== Supplied material ==

::::::::::

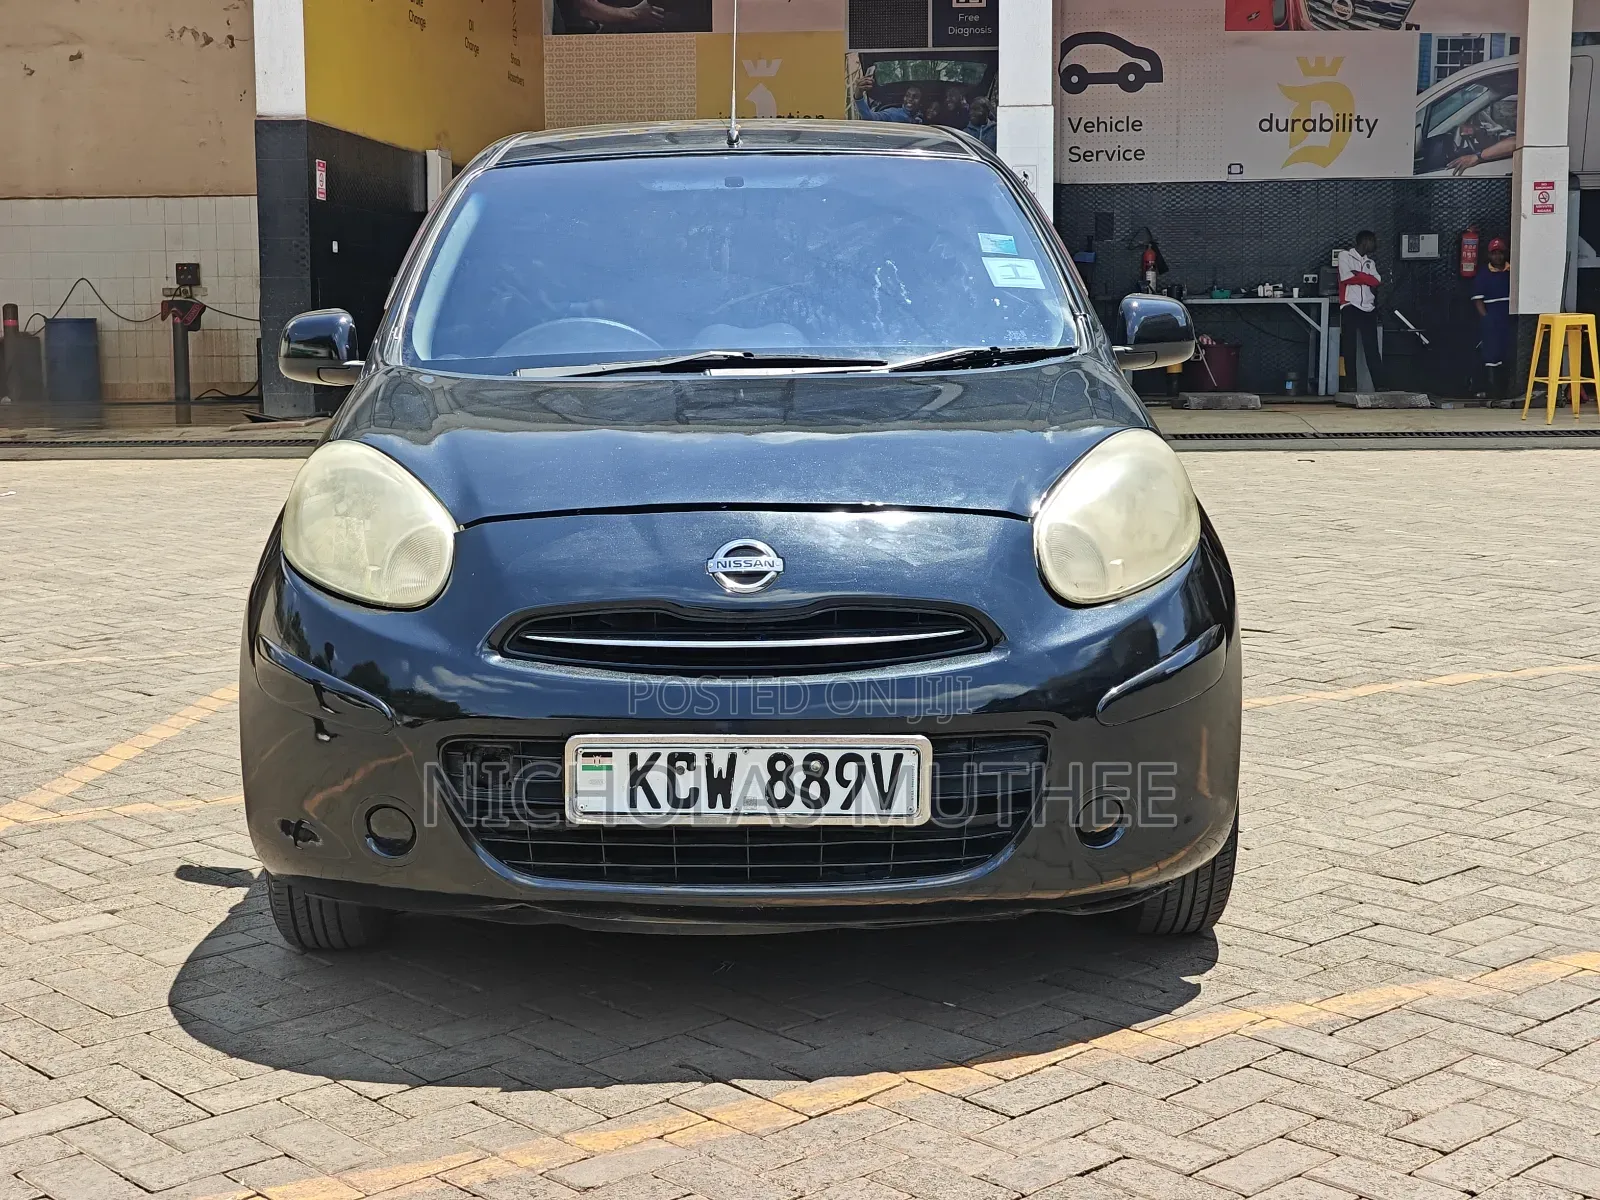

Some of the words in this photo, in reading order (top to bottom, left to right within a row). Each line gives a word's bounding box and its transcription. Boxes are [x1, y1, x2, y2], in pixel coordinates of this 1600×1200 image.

[408, 9, 426, 31] Change
[958, 13, 980, 22] Free
[948, 26, 992, 37] Diagnosis
[1067, 115, 1143, 134] Vehicle
[1258, 113, 1379, 139] durability
[1068, 145, 1146, 163] Service
[716, 560, 775, 569] NISSAN
[628, 751, 738, 810] KCW
[764, 751, 905, 811] 889V
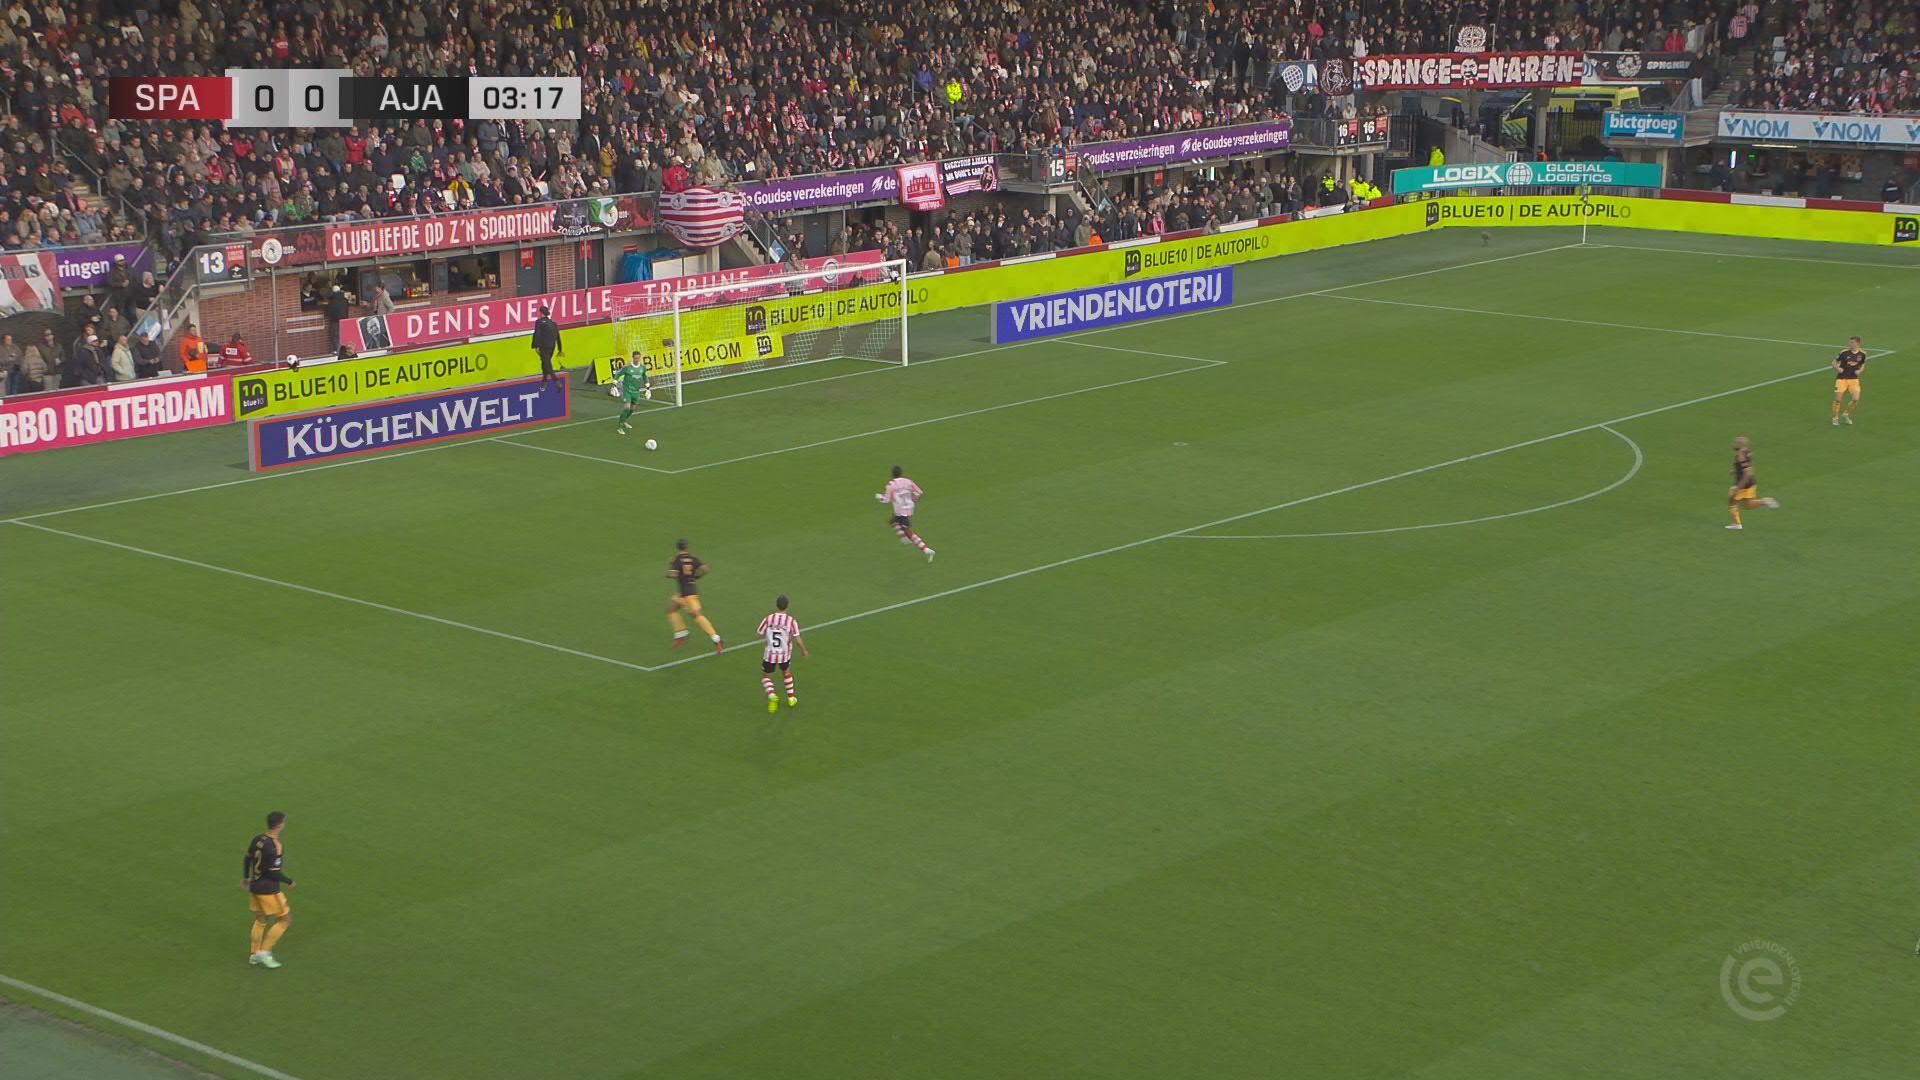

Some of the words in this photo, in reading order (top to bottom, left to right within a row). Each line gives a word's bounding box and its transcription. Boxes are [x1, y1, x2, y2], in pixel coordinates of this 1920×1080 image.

::::::::::

== Task details ==
When you retype the data above, match every line exactly and leave the pictures behind.

== Reply ==
Some of the words in this photo, in reading order (top to bottom, left to right within a row). Each line gives a word's bounding box and its transcription. Boxes are [x1, y1, x2, y2], in pixel coordinates of this 1600×1200 image.

[408, 9, 426, 31] Change
[958, 13, 980, 22] Free
[948, 26, 992, 37] Diagnosis
[1067, 115, 1143, 134] Vehicle
[1258, 113, 1379, 139] durability
[1068, 145, 1146, 163] Service
[716, 560, 775, 569] NISSAN
[628, 751, 738, 810] KCW
[764, 751, 905, 811] 889V

Some of the words in this photo, in reading order (top to bottom, left to right within a row). Each line gives a word's bounding box and its transcription. Boxes are [x1, y1, x2, y2], in pixel coordinates of this 1920×1080 image.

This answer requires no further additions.